Martin C. Arnold's Homepage

(3.12.7)

Introduction

In this post, I’ll document how I built Metrica, an AI-powered student advisor chatbot for the MSc Econometrics program. The chatbot uses Retrieval-Augmented Generation (RAG) to provide accurate information by combining the power of a large language model (LLM) with reliable source material such as FAQs and terms of study. Metrica is designed to assist students with common queries about the program and provide guidance based on official documentation.

Here’s an overview of the key features of the chatbot:

RAG Pipeline: We set up a RAG pipeline to combine the capabilities of an LLM with a retriever for accurate responses. The LLM provides the language understanding and generation capabilities, while the retriever ensures that the responses are grounded in the provided documents. The LLM used is a variant of Meta’s Llama 3.3 model with 70 billion parameters, which is known for its versatility and performance in generating human-like text. I access this model using via the Groq API (llama-3.3-70b-versatile)¹
Embeddings: I use OpenAI’s text-embedding-3-large model to create high-quality embeddings for the documents.²
Persistent Vector Storage: A ChromaDB stores the document embeddings for efficient retrieval. The vector store allows the bot to quickly find relevant information from the documents and is persisted to local disk for future use.
Context-Aware Conversations: Using LangChain components, I implement some prompt engineering and ensure that Metrica maintains context from previous messages to provide relevant responses.
Interface: The bot features a clean, professional interface for user interactions which is built using Gradio.
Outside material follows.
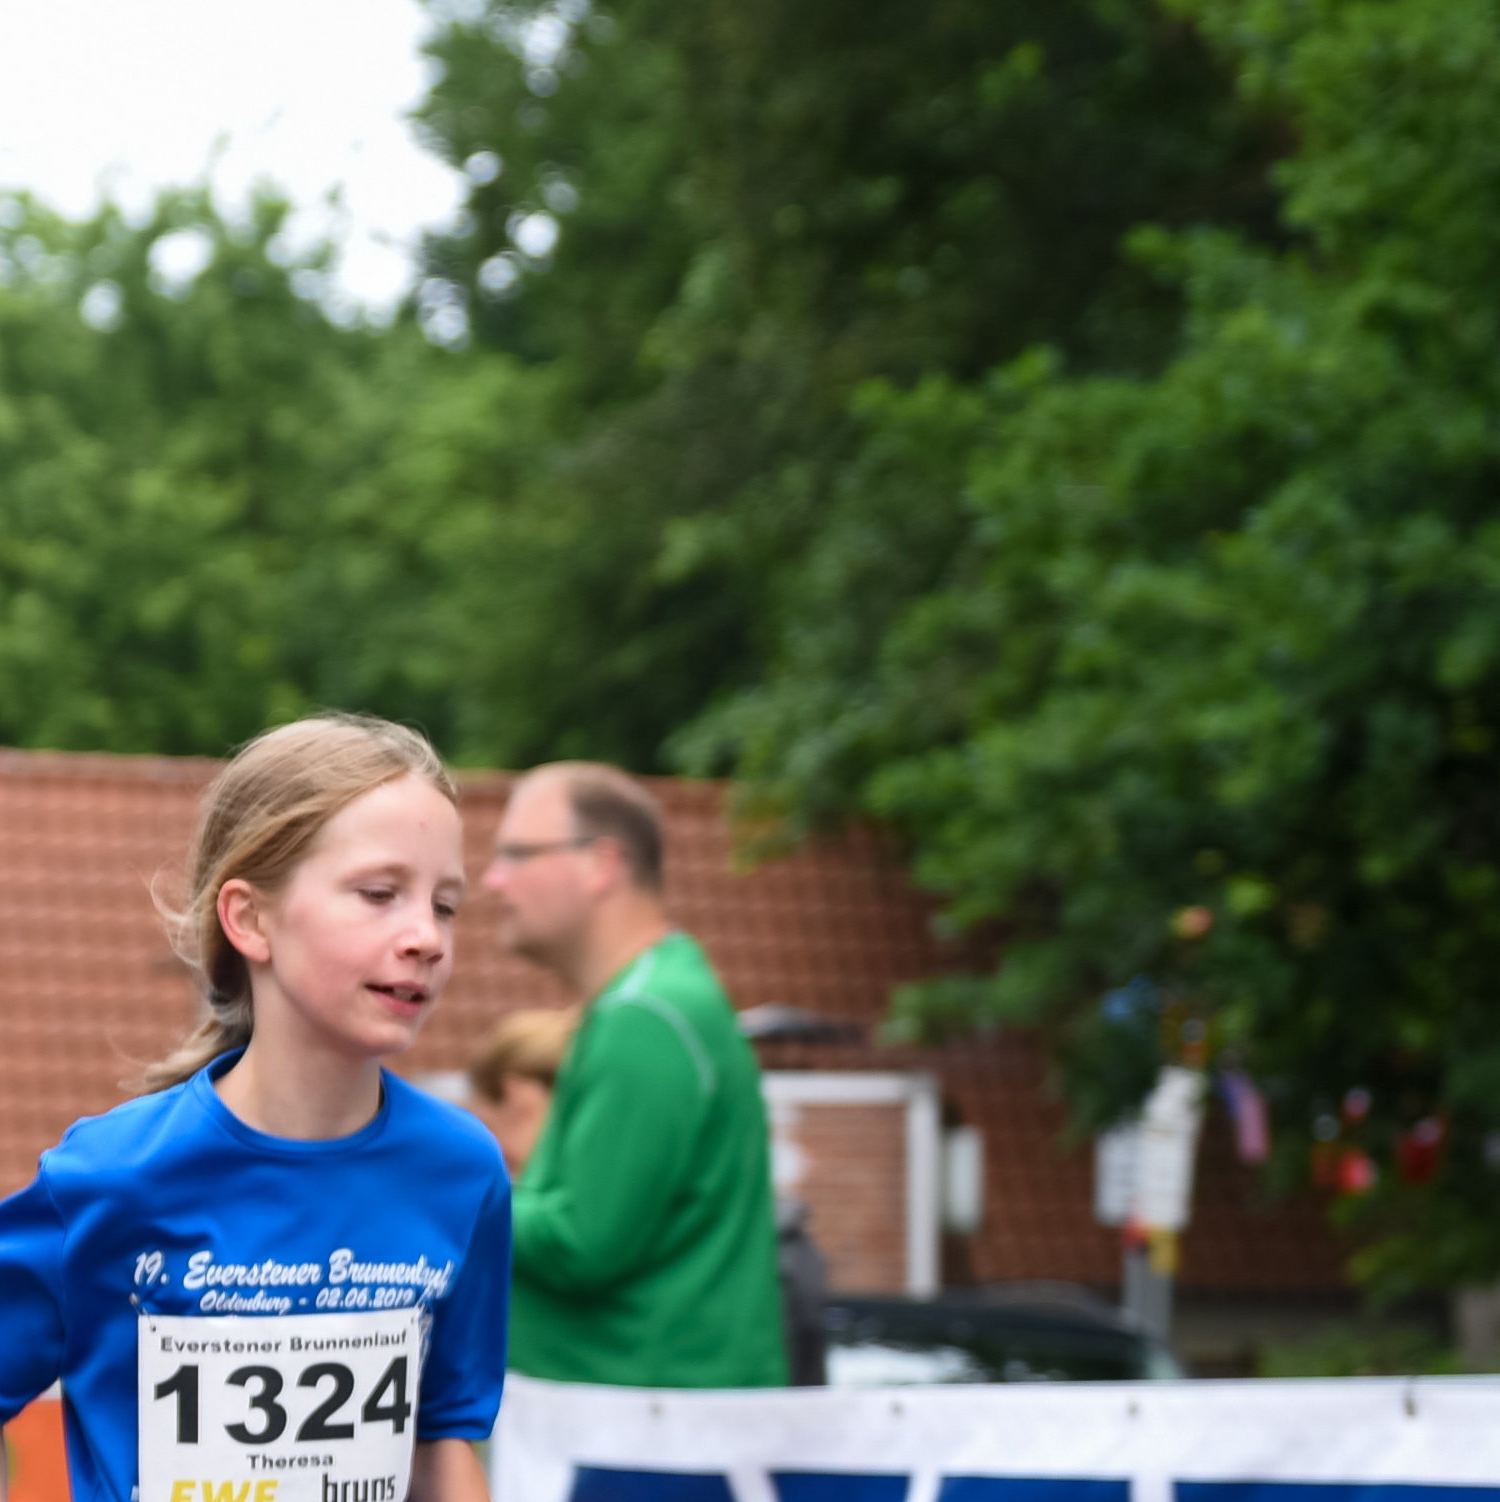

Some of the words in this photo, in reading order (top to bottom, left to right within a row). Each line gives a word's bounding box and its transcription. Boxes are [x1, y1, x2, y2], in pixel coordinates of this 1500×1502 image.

Let’s dive into the code and see how we can build this student advisor chatbot using Python.

Setting Up the Environment

We begin by importing the required Python libraries. The os module provides functions for interacting with the operating system, including file operations and path manipulations.

import os, time

Next, we import the following LangChain components:

Chat and embedding models (ChatGroq, OpenAIEmbeddings)
Document handling (Chroma for vector store, TextLoader for loading text files)
Chain components for document processing and retrieval
Message handling and prompt templates
Text splitting utilities for processing the documents

from langchain_groq import ChatGroq
from langchain_openai import OpenAIEmbeddings
from langchain_chroma import Chroma
from langchain_community.document_loaders import TextLoader
from langchain.chains.combine_documents import create_stuff_documents_chain
from langchain.chains import create_history_aware_retriever, create_retrieval_chain
from langchain_core.messages import HumanMessage
from langchain_core.prompts import ChatPromptTemplate, MessagesPlaceholder
from langchain_text_splitters import RecursiveCharacterTextSplitter, CharacterTextSplitter

To avoid hard-coding sensitive info into the script, the required API keys are stored in local environment variables (.env file).

from dotenv import load_dotenv
# load .env file
load_dotenv()

# read API keys
groq_api_key = os.environ.get("groq_api_key")
OPENAI_API_KEY = os.environ.get("OPENAI_API_KEY")

Remember to add your own API keys here!

Document Processing

Our chatbot needs to understand two types of information with different structures: FAQs and the Terms of Study. I’ve parsed the relevant documents into .txt files. You may download them below:

We’ll use different text splitters for each file to maintain the documents’ logical structure.

FAQ Splitter: CharacterTextSplitter simply breaks FAQ text into chunks using paragraph breaks (\n\n) as separators. This is straightforward due the convenient formatting of the .txt file: Answers to FAQ are simple bullets in markdown format.
Legal Document Splitter: The RecursiveCharacterTextSplitter handles the structured nature of legal documents. It creates chunks of up to 5000 characters with a 700-character overlap to preserve context between sections. Splits are guided by key structural markers like section symbols (§) and paragraph breaks (\n\n).³

# FAQ text splitter - simply splits on paragraph breaks
text_splitter_faq = CharacterTextSplitter( 
    separator="\n\n",
)

# legal document text splitter
text_splitter = RecursiveCharacterTextSplitter(
    chunk_size=5000,
    chunk_overlap=700,
    separators=["§", "\n\n"],
)

Embeddings and the Vector Store

I use OpenAI’s text-embedding-3-large model to create embeddings and store them in a Chroma vector database for efficient retrieval of relevant document sections based on user queries.

After creating the embeddings, the logic checks if the chroma directory exists.⁴ If not, the code processes FAQ and terms of study documents by splitting them into chunks. Then it creates the vector store using Chroma, embedds the documents in a collection MScEconometrics and saves persists the DB in the chroma directory. If the directory exists, we simply load the existing vector store.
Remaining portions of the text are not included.